From 85c94ac3b09afcfef77c49c10f0671bd57ec7ac9 Mon Sep 17 00:00:00 2001
From: hugo <hugo@saturncloud.io>
Date: Thu, 28 May 2026 17:57:47 +0000
Subject: [PATCH 06/11] Pin python=3.13 across all py images, fix pytorch
 index-url syntax

Mamba was resolving python=3.14 on conda-forge for any env without an
explicit python pin (3.14 released 2025-10-07). #471 already pinned
pytorch and tensorflow. This finishes the sweep:

- saturn-python: 3.11 -> 3.13.
- saturn-python-rapids: unpinned -> 3.13 (this image was on a path to
  hit the same 3.14 problem next build).
- saturn-python-llm: 3.11 -> 3.13. Also drops pytorch/nvidia conda
  channels and the conda pytorch/pytorch-cuda/cuda-toolkit deps for
  the same reason the saturn-python-pytorch image did in #472: the
  pytorch conda channel is frozen at 2.5.1 and has no cp313 builds.
  torch/torchvision/torchaudio move to pip via the PyPI cu129 index.
  flash_attn URL swaps cp311 -> cp313 (same build family already
  publishes a cp313 wheel at that tag).
- saturn-python-pytorch: collapses the two-line --extra-index-url
  pip arg into the correct single-line form. The split-line form is
  not the conda env yml pip-args grammar -- pip parses it as a
  bare --extra-index-url with no value.

Leaving saturn-python-312-slim* alone: their names encode python312
and they're already pinned to 3.12. R images keep python=3.11 since
python there is secondary tooling, not the image purpose.

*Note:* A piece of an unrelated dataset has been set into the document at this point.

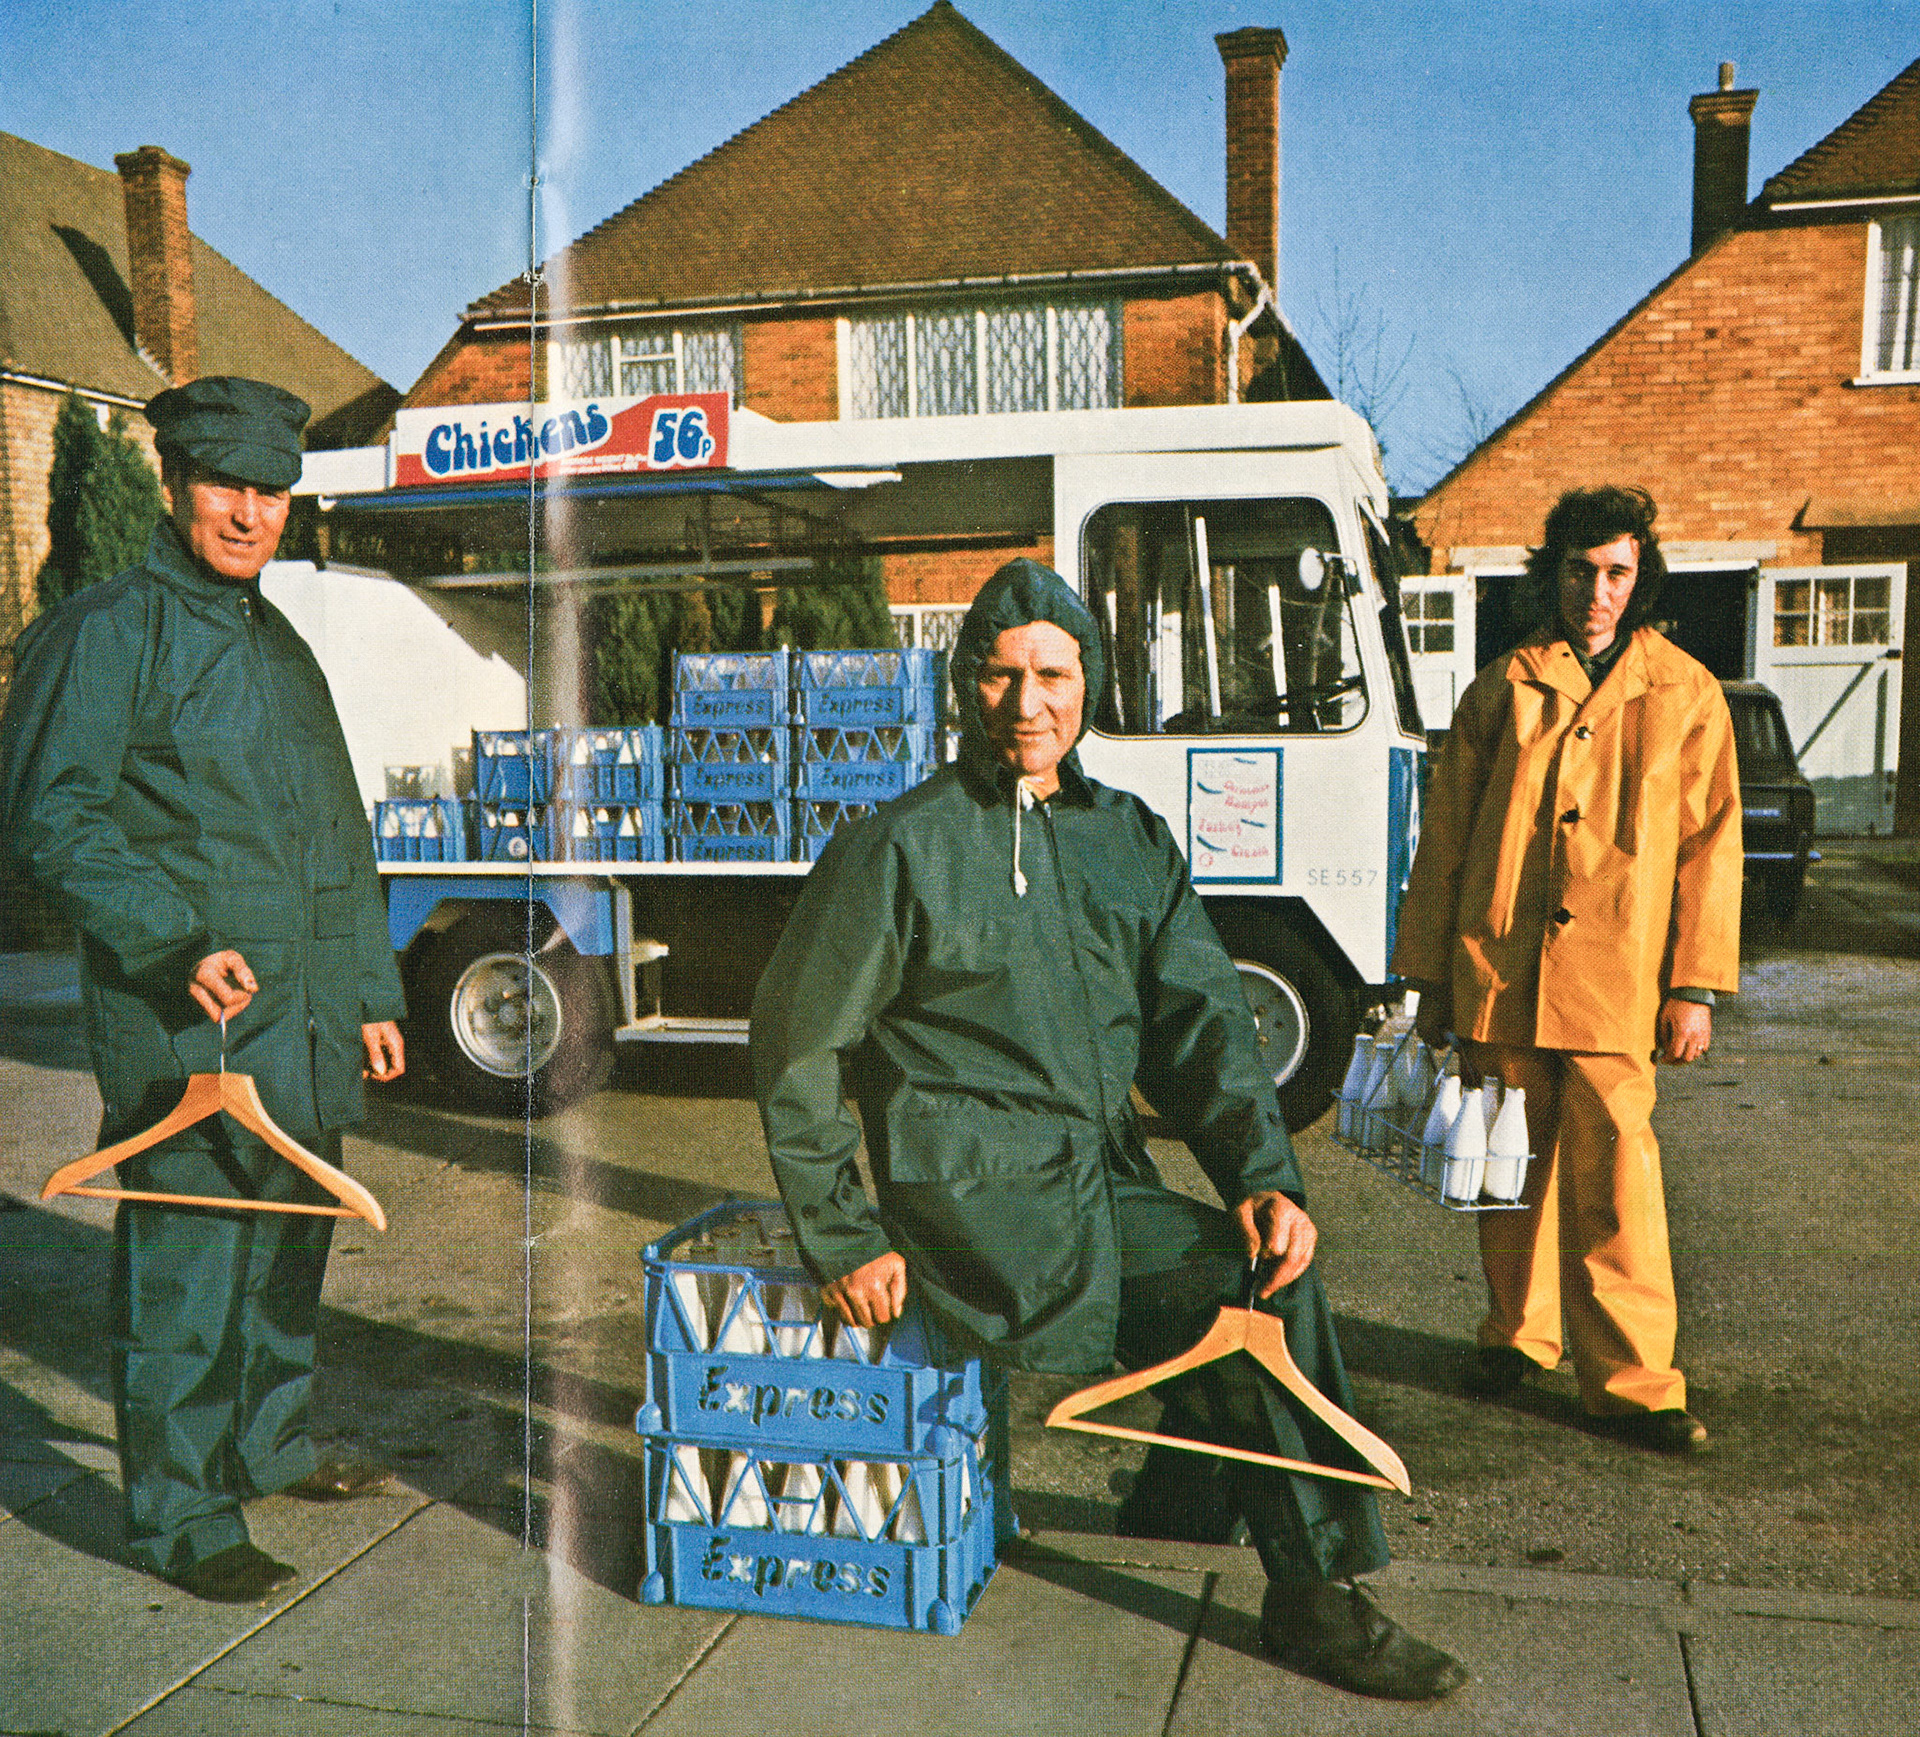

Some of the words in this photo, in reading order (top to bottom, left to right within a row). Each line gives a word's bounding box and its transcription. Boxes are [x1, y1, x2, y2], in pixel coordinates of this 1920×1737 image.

Co-Authored-By: Claude Opus 4.7 (1M context) <noreply@anthropic.com>
---
 saturn-python-llm/environment.yml     | 15 +++++++--------
 saturn-python-pytorch/environment.yml | 16 ++++++----------
 saturn-python-rapids/environment.yml  |  2 +-
 saturn-python/environment.yml         |  2 +-
 4 files changed, 15 insertions(+), 20 deletions(-)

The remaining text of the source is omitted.